Len kembali ke barisannya. Piko, sahabat Len, berdecak-decak.
"Kau kemana saja, Len?" tanya Piko.
"Ke bukit," jawab Len.
"Kau membuatku, susah, tahu!" omel Piko. "Selama kau pergi, fangirl-fangirlmu terus menanyaiku karena aku dekat denganmu. 'Dimana Len?' Mereka menanyakan itu berulang kali! Kubilang aku tidak tahu, dan mereka terus menanyaiku! Bahkan ada yang bilang aku sahabat yang tidak baik! Untuk saja Miki membelaku tadi," celoteh Piko.
Len nyengir. "Gomen, Piko. Ahaha~ Harusnya aku pergi lebih lama lagi biar kau di siksa oleh fangirl-fangirlku~"
"Kau sahabat yang baik, Len..." gerutu Piko pelan.
Pelajaran olahraga selesai. Sebentar? Tentu, tadi kan Len bolos. Walau nggak bolos sepenuhnya, sih. Semua murid kelas 3 (SMP) yang tadi berolahraga segera berganti baju di ruang ganti.
~Skip sampe pulang sekolah, Mikan males ngetik *digampar~
Bel pulang sekolah berbunyi. Semua murid di kelas 3-1 (kelasnya Len) segera membereskan barang mereka dan cepat-cepat pulang. Namun, kali ini tidak dengan Len. Ia ingin pergi ke bukit lagi. Siapa tahu saja, Rin masih ada di bukit. Yup, Len ingin bertemu lagi dengan Rin.
"Hei Len, maaf ya hari ini aku nggak bisa pulang bareng," sesal Piko. Di belakang Piko, ada Miki, pacarnya.
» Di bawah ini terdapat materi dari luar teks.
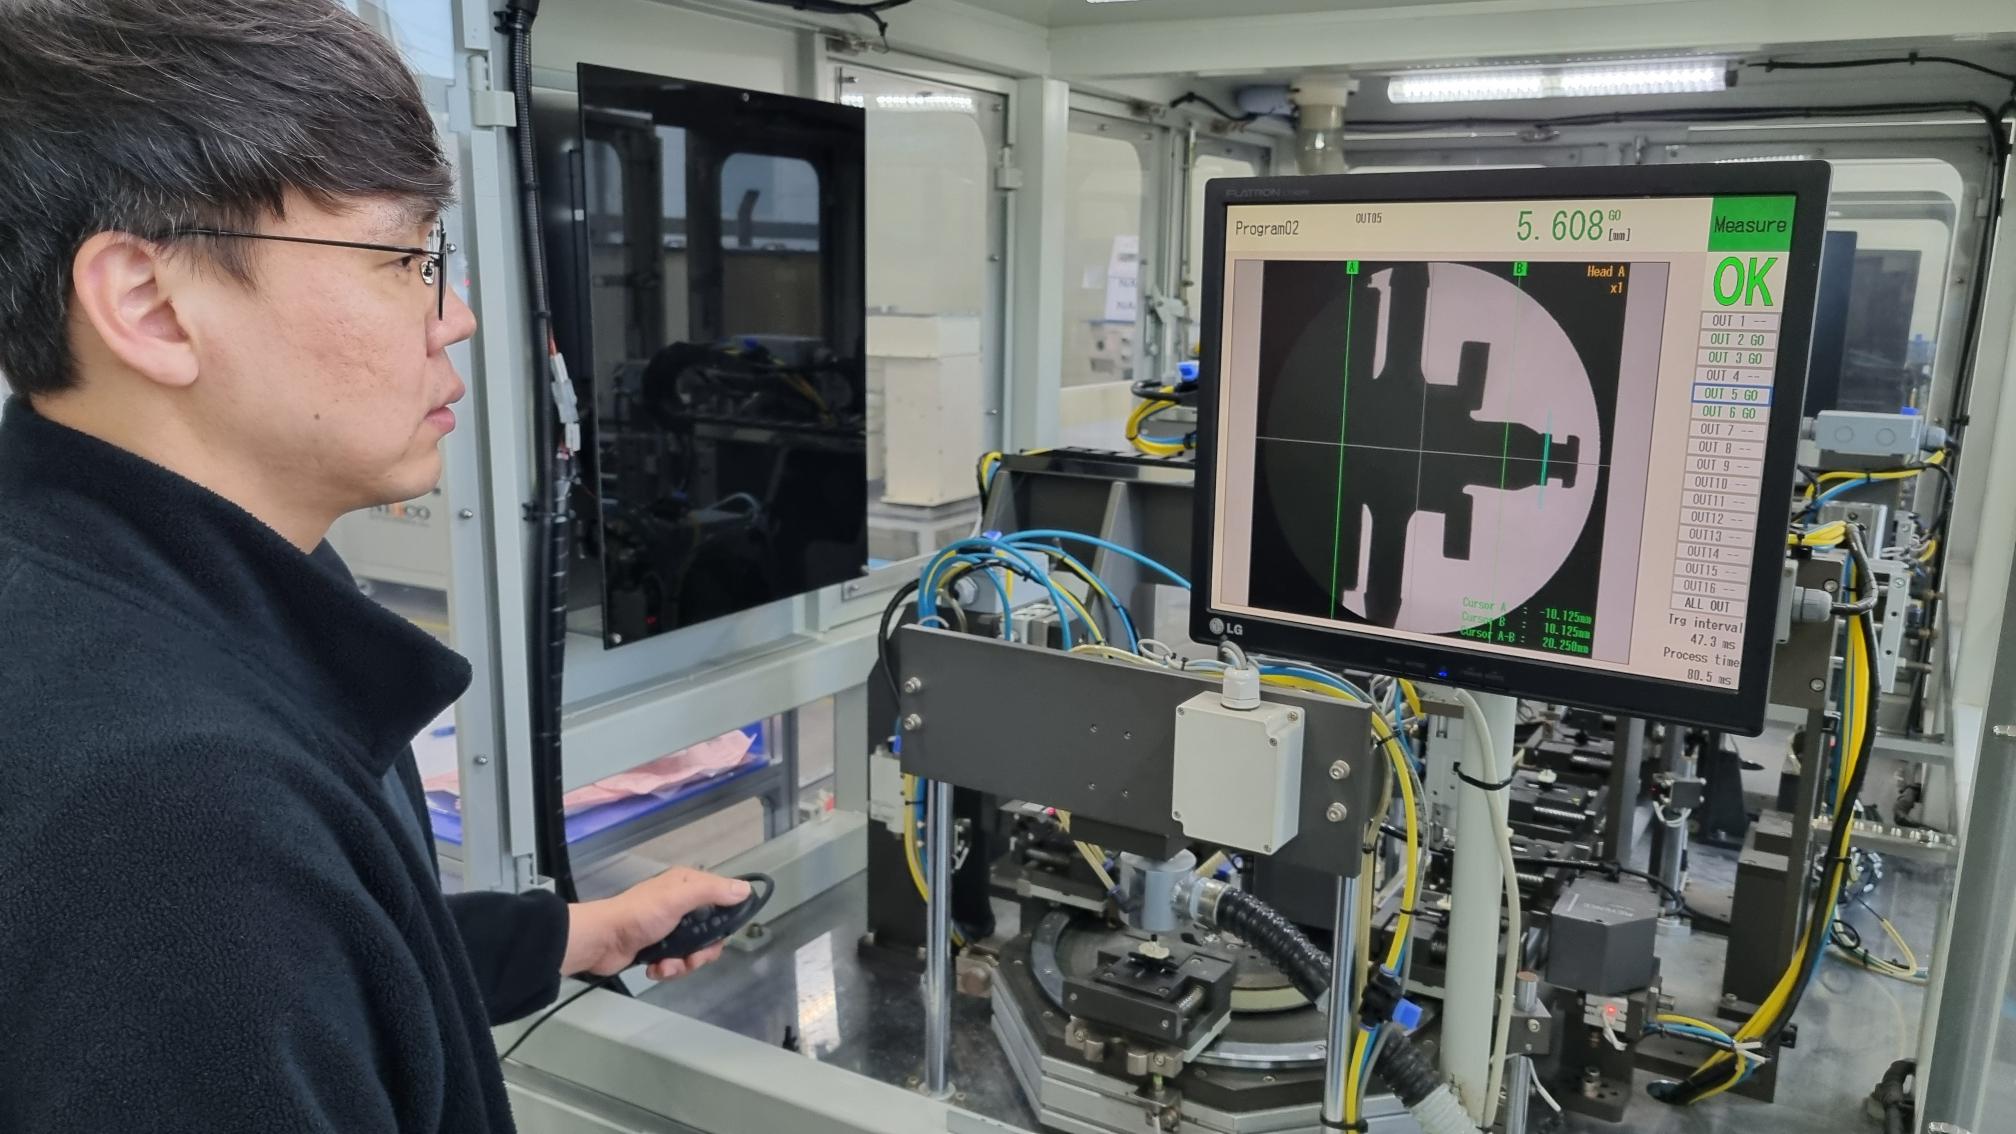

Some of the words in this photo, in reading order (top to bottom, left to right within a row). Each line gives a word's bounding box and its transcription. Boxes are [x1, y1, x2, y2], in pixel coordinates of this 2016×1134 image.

[1356, 212, 1382, 223] OUT05
[1608, 209, 1621, 220] GO
[1235, 220, 1299, 236] Program02
[1714, 215, 1787, 233] Measure
[1587, 264, 1613, 277] Head
[1618, 265, 1625, 277] A
[1713, 256, 1778, 306] OK
[1712, 314, 1733, 326] OUT
[1710, 333, 1730, 345] OUT
[1750, 334, 1765, 346] GO
[1708, 351, 1728, 363] OUT
[1748, 352, 1763, 365] GO
[1706, 369, 1727, 381] OUT
[1704, 387, 1724, 399] OUT
[1744, 389, 1758, 401] GO
[1702, 405, 1722, 417] OUT
[1742, 407, 1756, 419] GO
[1700, 423, 1720, 435] OUT
[1698, 441, 1719, 453] OUT
[1696, 458, 1716, 471] OUT
[1694, 475, 1728, 489] OUT10
[1692, 493, 1724, 507] OUT11
[1691, 511, 1724, 524] OUT12
[1688, 528, 1722, 542] OUT13
[1687, 545, 1720, 559] OUT14
[1685, 562, 1718, 577] OUT15
[1683, 579, 1716, 594] OUT16
[1462, 596, 1495, 610] Cursor
[1500, 602, 1507, 611] A
[1684, 597, 1703, 610] ALL
[1710, 600, 1731, 613] OUT
[1462, 611, 1493, 625] Cursor
[1499, 616, 1506, 627] B
[1669, 613, 1687, 627] Trg
[1694, 616, 1743, 634] interval
[1226, 622, 1243, 636] LG
[1497, 630, 1516, 643] A-B
[1690, 633, 1717, 647] 47.3
[1721, 640, 1736, 650] ms
[1663, 646, 1708, 663] Process
[1715, 653, 1740, 668] time
[1687, 668, 1713, 682] 80.5
[1718, 676, 1732, 685] ms
"Tidak apa-apa. Aku nggak mau mengganggu kencan kalian," Len nyengir, membuat Piko dan Miki blushing dengan kata-kata Len. "Lagipula... Aku nggak mau langsung pulang ke rumah."
"Memang kau mau kemana dulu?" tanya Piko.
"Himitsu~" jawab Len.
"Ugh, ya sudahlah, terserah kau saja. Aku dan Miki pulang dulu. Jaa~" pamit Piko. Ia menggandeng lengan Miki kemudian berjalan keluar kelas.
Len hanya tersenyum saja. Lelaki berambut honey blonde itu langsung berlari keluar kelas. Tujuannya, tentu bukit dekat sekolahnya, Voca High School.
"Hh... Hh... Sampai juga," Len terengah-engah begitu sampai bukit dekat sekolahnya. Tak jauh, memang. Tapi Len berlari, sehingga ia merasa lelah.
"Kau lagi?"
Len menoleh. Sesosok gadis berambut honey blonde sedang duduk di rerumputan dan menatapnya.
"Tentu! Kau tidak senang?" jawab Len.
"Hum... Lumayan."
JLEB! Jawaban Rin begitu menusuk Len.
"Hehe," Rin terkekeh. "Aku cuma bercanda."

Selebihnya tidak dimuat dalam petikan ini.